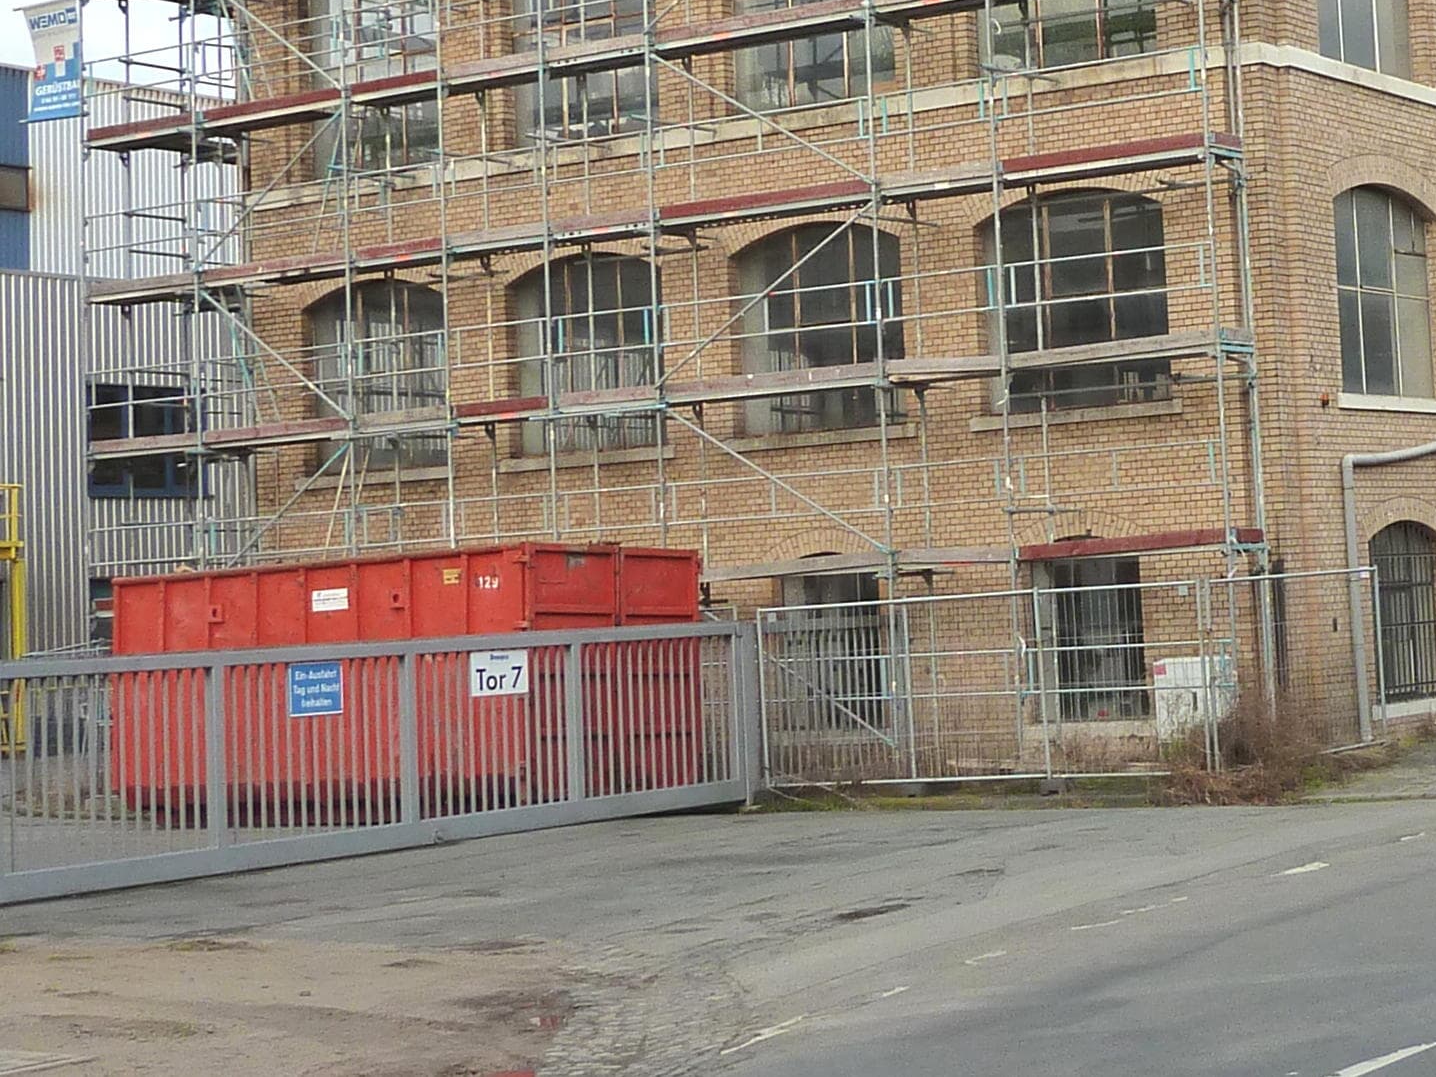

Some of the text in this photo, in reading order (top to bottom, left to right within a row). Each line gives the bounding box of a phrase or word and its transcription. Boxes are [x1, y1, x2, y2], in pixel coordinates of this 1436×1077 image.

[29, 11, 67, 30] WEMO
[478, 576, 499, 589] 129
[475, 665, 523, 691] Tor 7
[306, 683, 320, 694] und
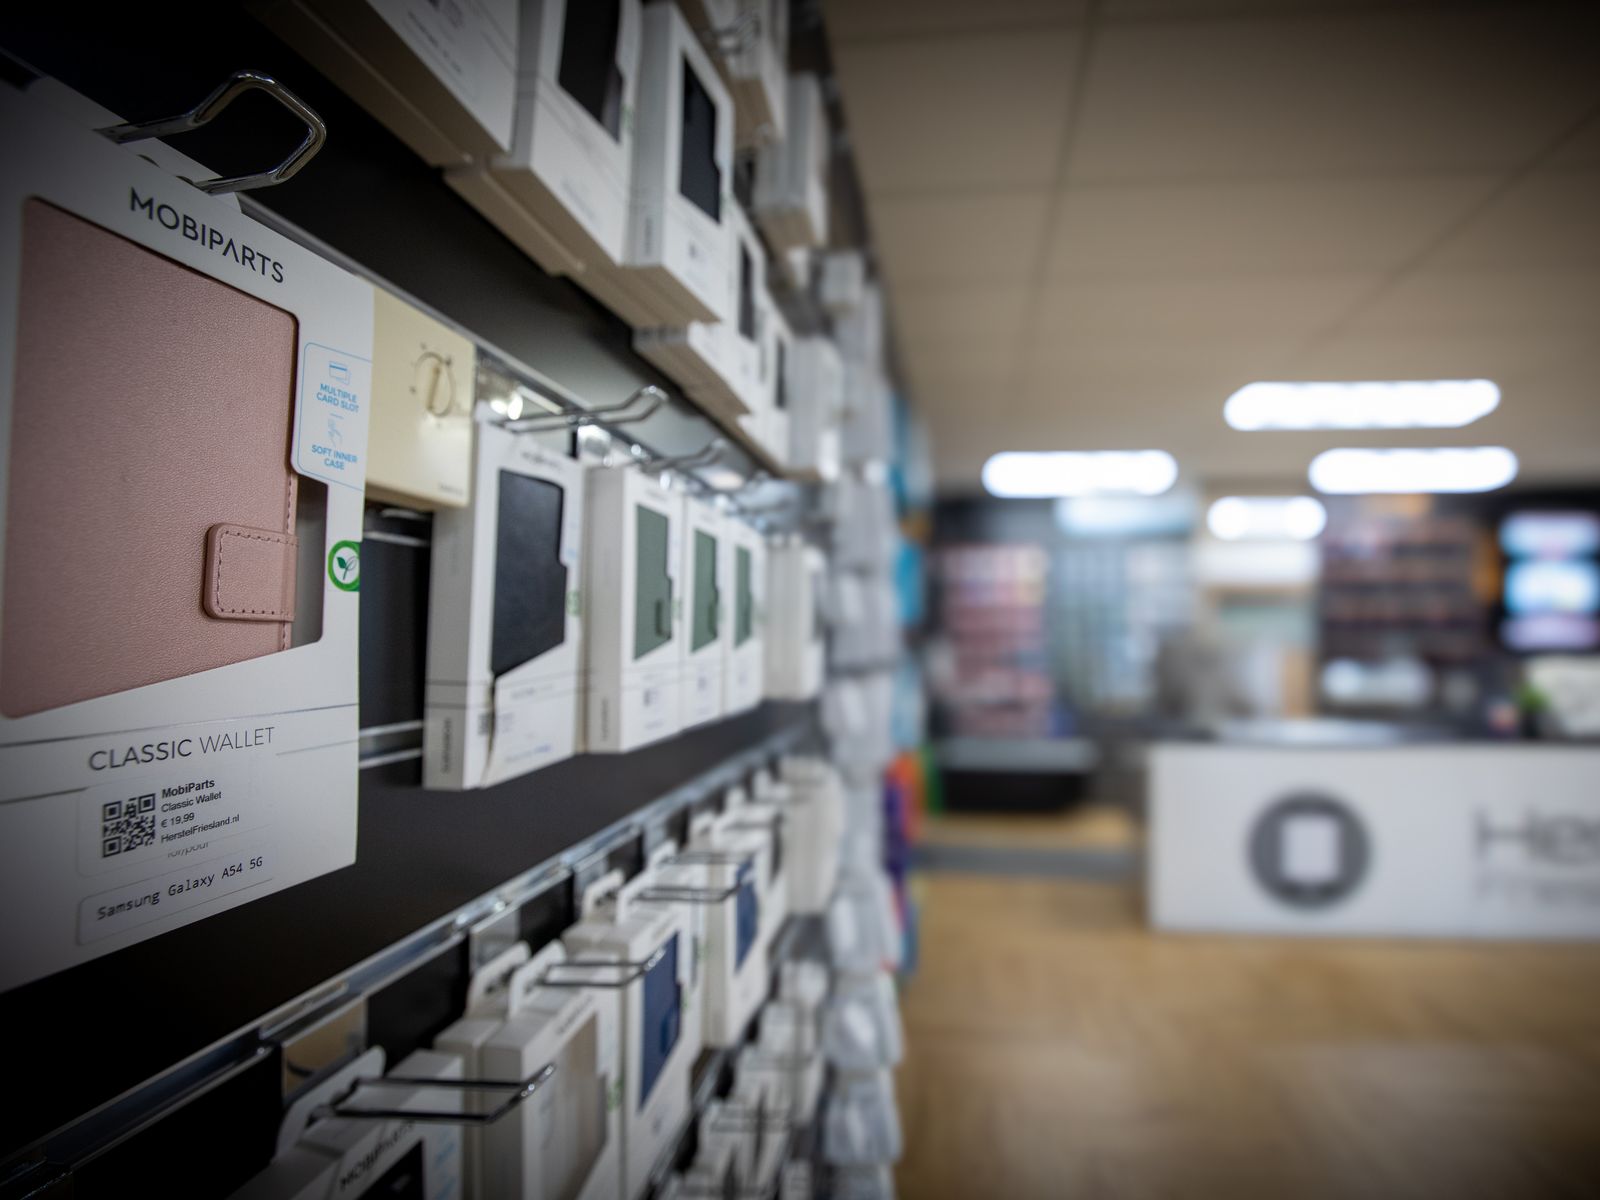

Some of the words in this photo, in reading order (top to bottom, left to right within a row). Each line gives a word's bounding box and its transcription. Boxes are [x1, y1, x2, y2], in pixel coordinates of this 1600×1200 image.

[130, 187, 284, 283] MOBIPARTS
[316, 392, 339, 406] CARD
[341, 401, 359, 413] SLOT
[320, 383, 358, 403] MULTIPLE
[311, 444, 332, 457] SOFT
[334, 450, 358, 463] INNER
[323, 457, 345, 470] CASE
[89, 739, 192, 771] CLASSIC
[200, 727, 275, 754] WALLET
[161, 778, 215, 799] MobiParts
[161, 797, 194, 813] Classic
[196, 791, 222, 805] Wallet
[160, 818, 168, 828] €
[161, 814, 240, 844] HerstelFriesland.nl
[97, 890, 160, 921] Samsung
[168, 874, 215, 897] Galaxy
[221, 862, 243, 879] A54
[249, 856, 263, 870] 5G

* * * * * * *

### Task details
Write out only the lines from the one containing "Some of the words" through the end of the listing above, exactly as they stand.

### Answer below
Some of the words in this photo, in reading order (top to bottom, left to right within a row). Each line gives a word's bounding box and its transcription. Boxes are [x1, y1, x2, y2], in pixel coordinates of this 1600×1200 image.

[130, 187, 284, 283] MOBIPARTS
[316, 392, 339, 406] CARD
[341, 401, 359, 413] SLOT
[320, 383, 358, 403] MULTIPLE
[311, 444, 332, 457] SOFT
[334, 450, 358, 463] INNER
[323, 457, 345, 470] CASE
[89, 739, 192, 771] CLASSIC
[200, 727, 275, 754] WALLET
[161, 778, 215, 799] MobiParts
[161, 797, 194, 813] Classic
[196, 791, 222, 805] Wallet
[160, 818, 168, 828] €
[161, 814, 240, 844] HerstelFriesland.nl
[97, 890, 160, 921] Samsung
[168, 874, 215, 897] Galaxy
[221, 862, 243, 879] A54
[249, 856, 263, 870] 5G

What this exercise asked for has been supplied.